“In Transition 2.0” is a film that offers hope and resilience in challenging times. It was a pleasure to be part of the audience at the Eco Film Festival this month at the Labia Theatre in Gardens.
The film presents a tried and tested opportunity for change. Very real change from a grass roots movement that is starting to gain ground in a time when we are looking for answers to very literally life changing questions.
It is truly inspirational to know we are not alone. The transition movement is a way for people to reconnect with one another, to reconnect with themselves and the natural world around them. We are looking to find solutions in an ever-changing world, a world in which we are facing peak oil, climate change and potentially economic crisis. Transition shows us that these solutions can be attained right here, at home, we only need to start connecting.
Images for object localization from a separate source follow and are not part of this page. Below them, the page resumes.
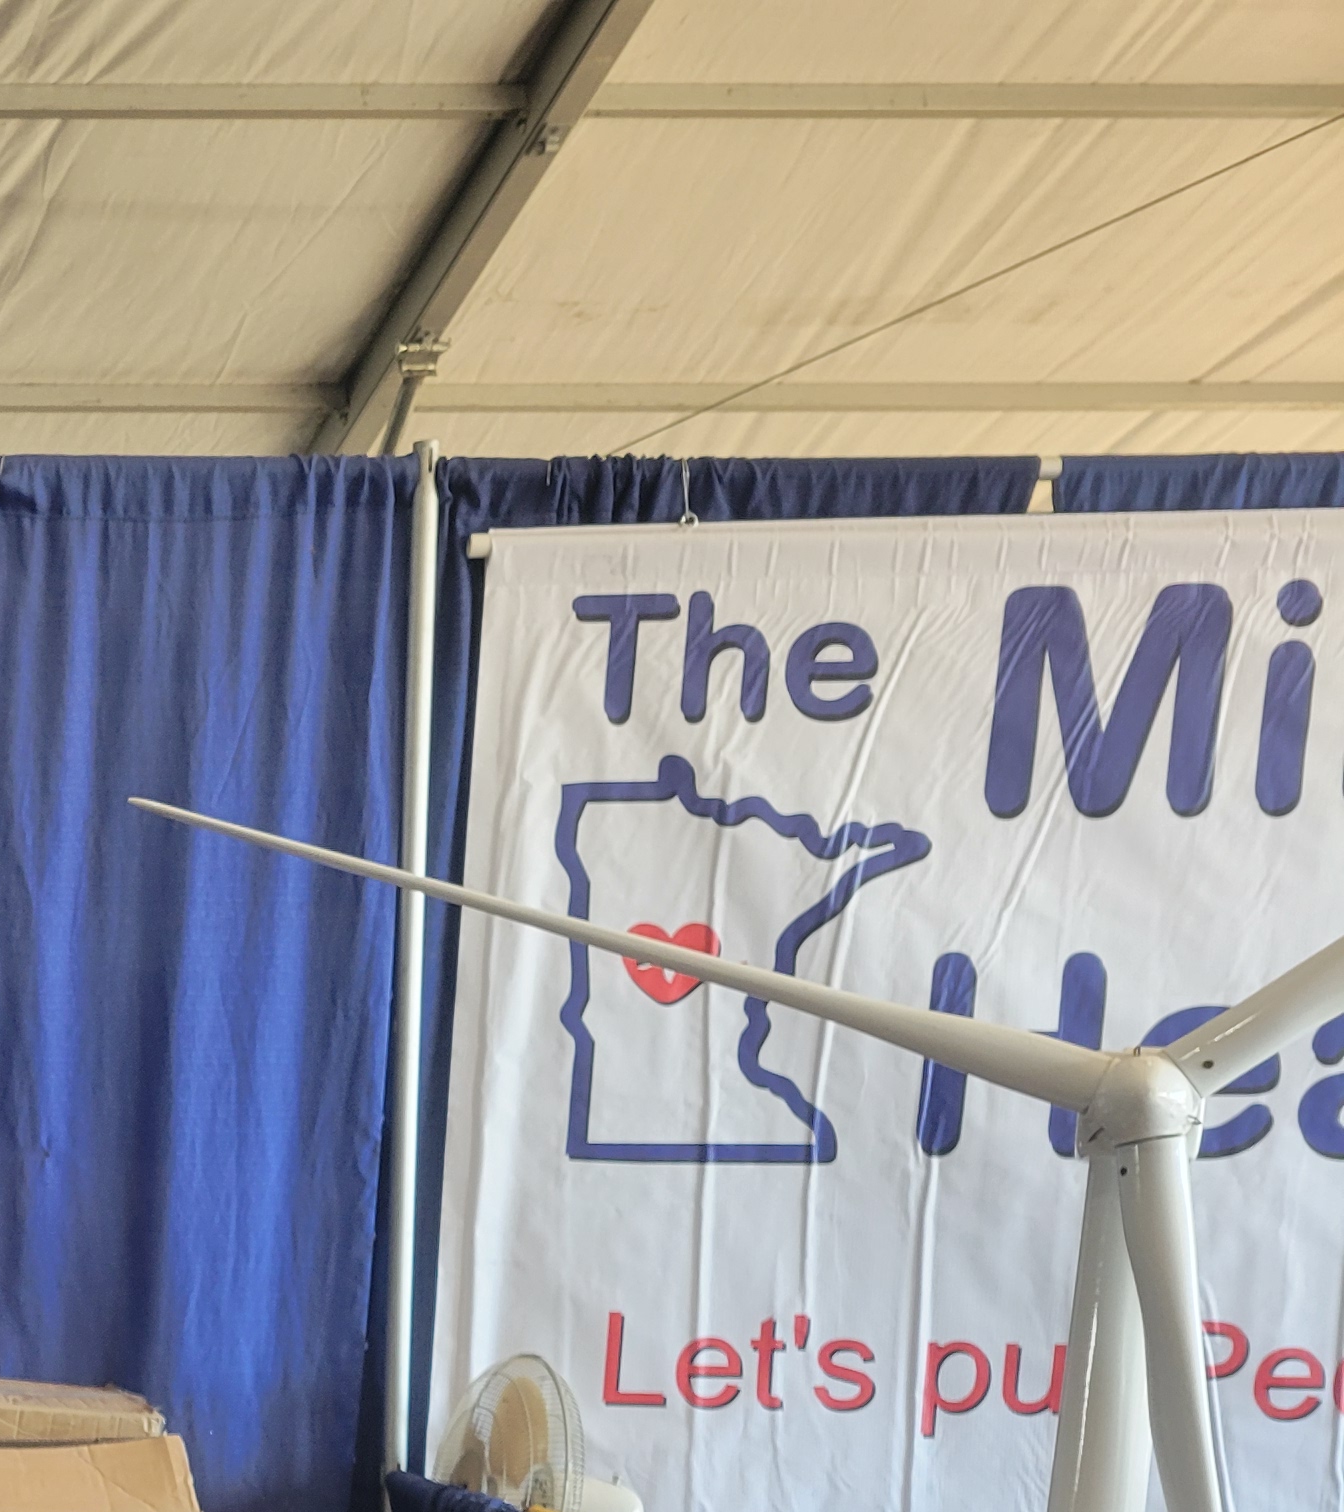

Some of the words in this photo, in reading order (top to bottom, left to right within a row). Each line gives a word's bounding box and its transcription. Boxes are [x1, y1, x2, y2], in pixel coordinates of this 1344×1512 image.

[572, 590, 880, 725] The
[983, 579, 1344, 819] Mi
[602, 1311, 876, 1411] Let's
[920, 1340, 1069, 1437] pu
[1201, 1319, 1344, 1422] Pe
The current structure of our society is one of constant consumption and growth. We are becoming more and more aware that this is not working and that the planet and her resources cannot sustain such rapid, uncontained growth. We need to look locally now, look to our neighbours and our community for stewardship and collaboration. In my opinion, there’s no better way.
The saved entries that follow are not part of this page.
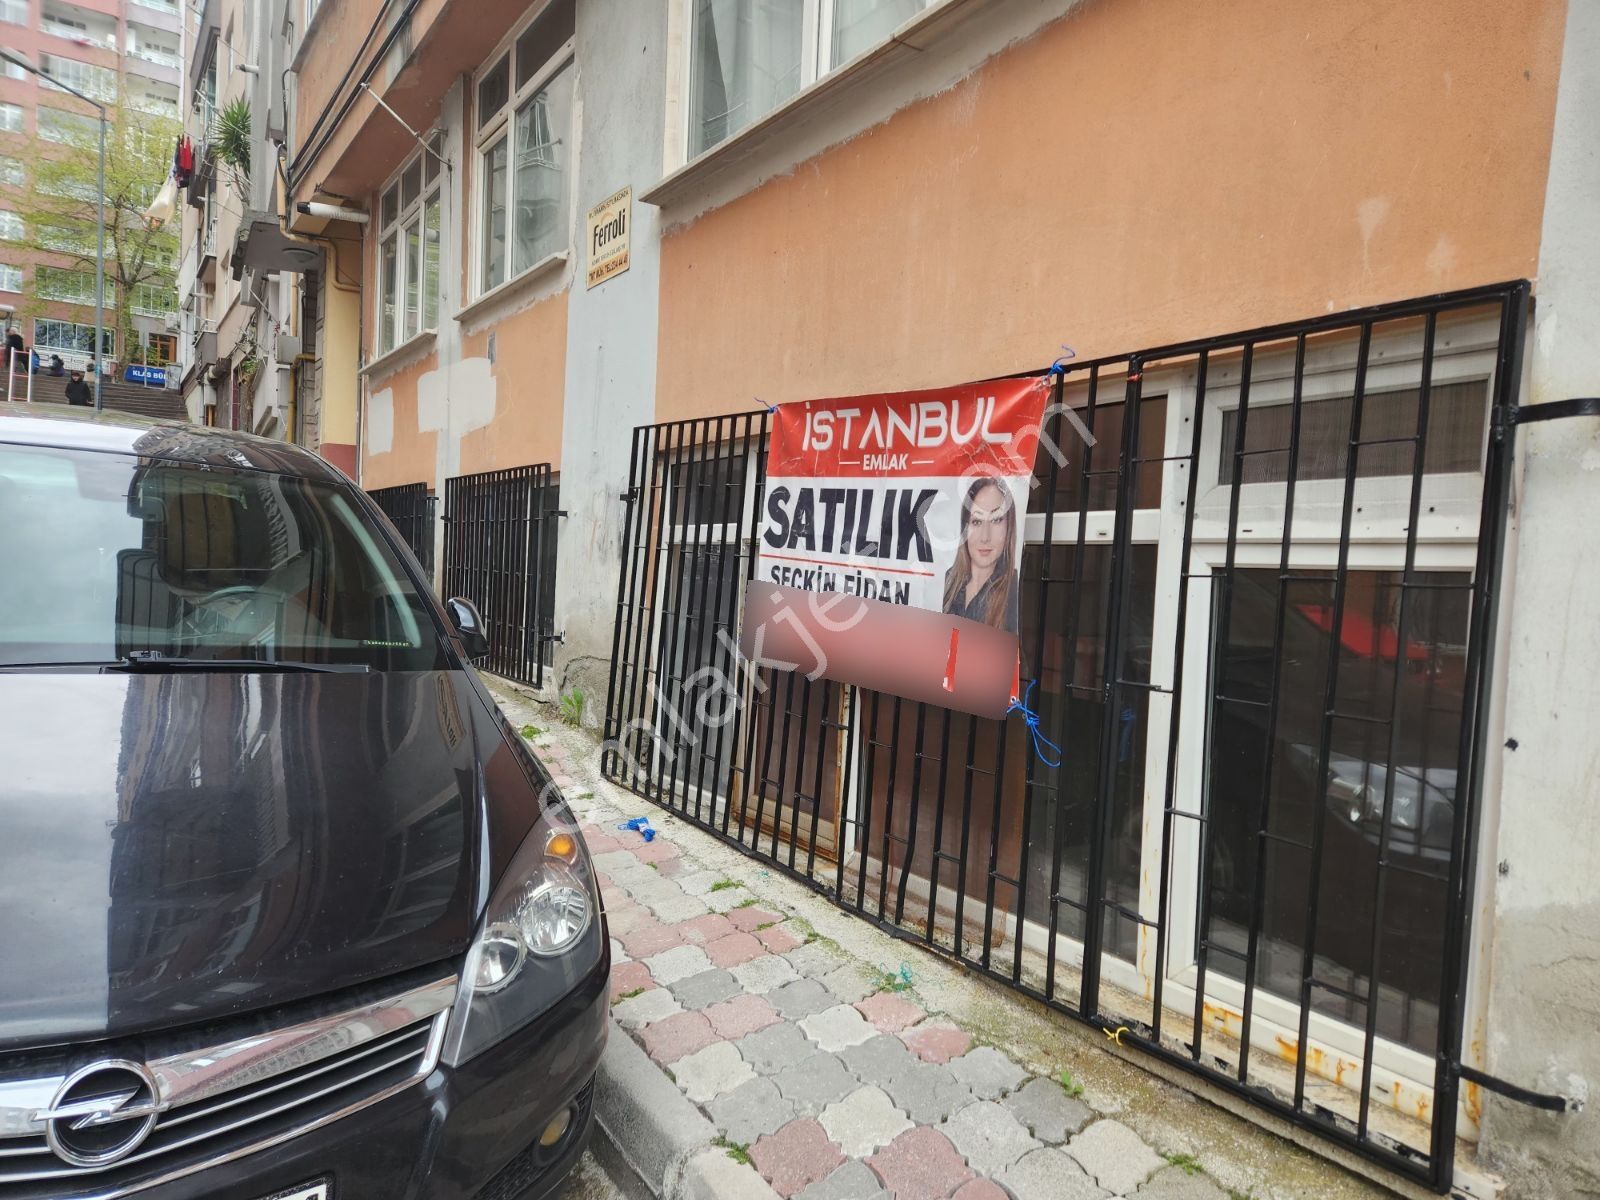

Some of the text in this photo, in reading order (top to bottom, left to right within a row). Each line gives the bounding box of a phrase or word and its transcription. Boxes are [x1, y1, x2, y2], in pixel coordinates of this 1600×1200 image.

[593, 208, 626, 256] Ferroli
[153, 372, 167, 380] BÜ
[802, 396, 1013, 452] İSTANBUL
[862, 453, 908, 471] EMLAK
[763, 486, 939, 563] SATILIK
Group of people coming together
“Transition simply starts with a group of people coming together.” This group can originate from very different backgrounds, they can be people from a range of different places, a group who perhaps have already started meeting or who perhaps know each other, but don’t work formally together. They may meet up at an event or even in the local pub. It is this initial coming together and forming a group that is the seed for the whole process.
The Transition Network is a social experiment, which began in the UK and was set to run over 5 years. What they have learned in the process is that it is working and is definitely a way to bring about positive change, where people power is the real strength. There are 5 different phases within the transition process.
The first is that of “starting out.” This is the creative, brainstorming, questioning phase where people meet and discuss their options.
Raising awareness through films, events, fliers, knocking on doors
The next step is raising awareness through the showing of films, holding of events, handing out fliers and posters and literally knocking on doors in people’s own communities. Basically starting to lay the foundations for what will then become the transition initiative. This is all before even positioning it or labelling it as: “transition such and such.”
Deepening the work
Phase two is referred to as “deepening.” Realizing the group is now “transition say, Cape Town”, and is becoming an organization, it is ready for a move towards making things a bit more structured and formal. It has a different feeling from the start out phase, whereby an organization is formed. In saying this though, one doesn’t have to belong to an organization to transform one’s neighbourhood. Take for example Whitney Avenue in Wilkesburg, Pennsylvania, where a member from the community has moved into vacant lots and started community gardening. Whitney Avenue has now transformed its community, uplifting orphaned children, providing food for the street and its neighbours and enabling a sense of pride in the people that live there.
As Rob Hopkins, co-founder of the Transition Network says, “In terms of a lot of practical projects, food is where a lot of transition groups get started first, because you don’t have to wait for anything to get on with that. You don’t need permission to do it, you don’t need funding to do it.” rather “you can start a garden share scheme, you can start growing food in window boxes. You can start these things simply and quickly.” “Local food projects are the first things transition groups do and can start gaining some momentum.”
And as one of the members of the UK transition initiative based in West Yorkshire, England says: “Reconnecting with food is a fantastic metaphor for reconnecting with everything else in your life”.
In the third phase, groups and organisations begin ‘connecting’. Here begins the stage where one starts to really reach out into the wider community, the organisations and people one might not already have come into contact with yet – local council, local businesses and the wider community. This embeds the projects more deeply into the community, making it much more relevant to as many people as possible.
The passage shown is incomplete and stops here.